Saved data entries
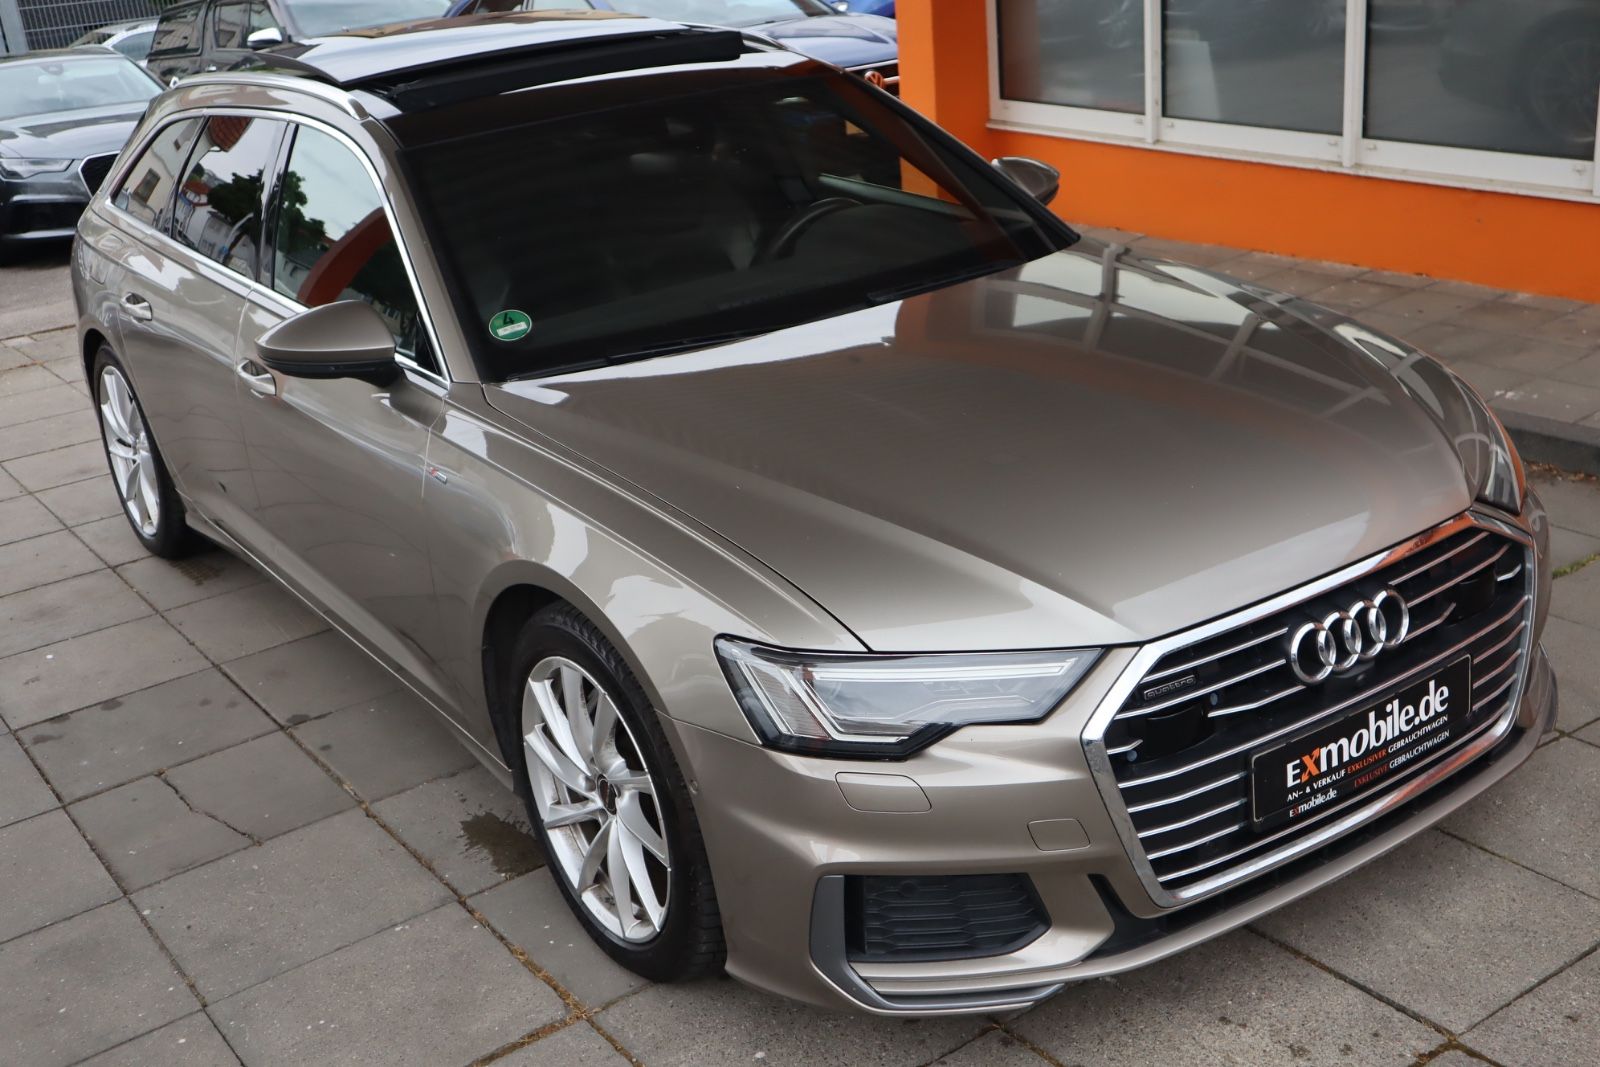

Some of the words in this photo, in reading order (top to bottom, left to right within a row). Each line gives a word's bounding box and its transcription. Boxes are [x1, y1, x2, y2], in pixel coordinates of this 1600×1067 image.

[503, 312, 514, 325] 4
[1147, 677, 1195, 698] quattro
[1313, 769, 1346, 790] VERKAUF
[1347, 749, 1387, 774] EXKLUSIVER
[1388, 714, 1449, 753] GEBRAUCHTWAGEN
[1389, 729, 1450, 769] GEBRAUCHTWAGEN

Task goal: Each entry, word for word, belongs in your answer; each picture does not.

Response below:
Some of the words in this photo, in reading order (top to bottom, left to right within a row). Each line gives a word's bounding box and its transcription. Boxes are [x1, y1, x2, y2], in pixel coordinates of this 1600×1067 image.

[503, 312, 514, 325] 4
[1147, 677, 1195, 698] quattro
[1313, 769, 1346, 790] VERKAUF
[1347, 749, 1387, 774] EXKLUSIVER
[1388, 714, 1449, 753] GEBRAUCHTWAGEN
[1389, 729, 1450, 769] GEBRAUCHTWAGEN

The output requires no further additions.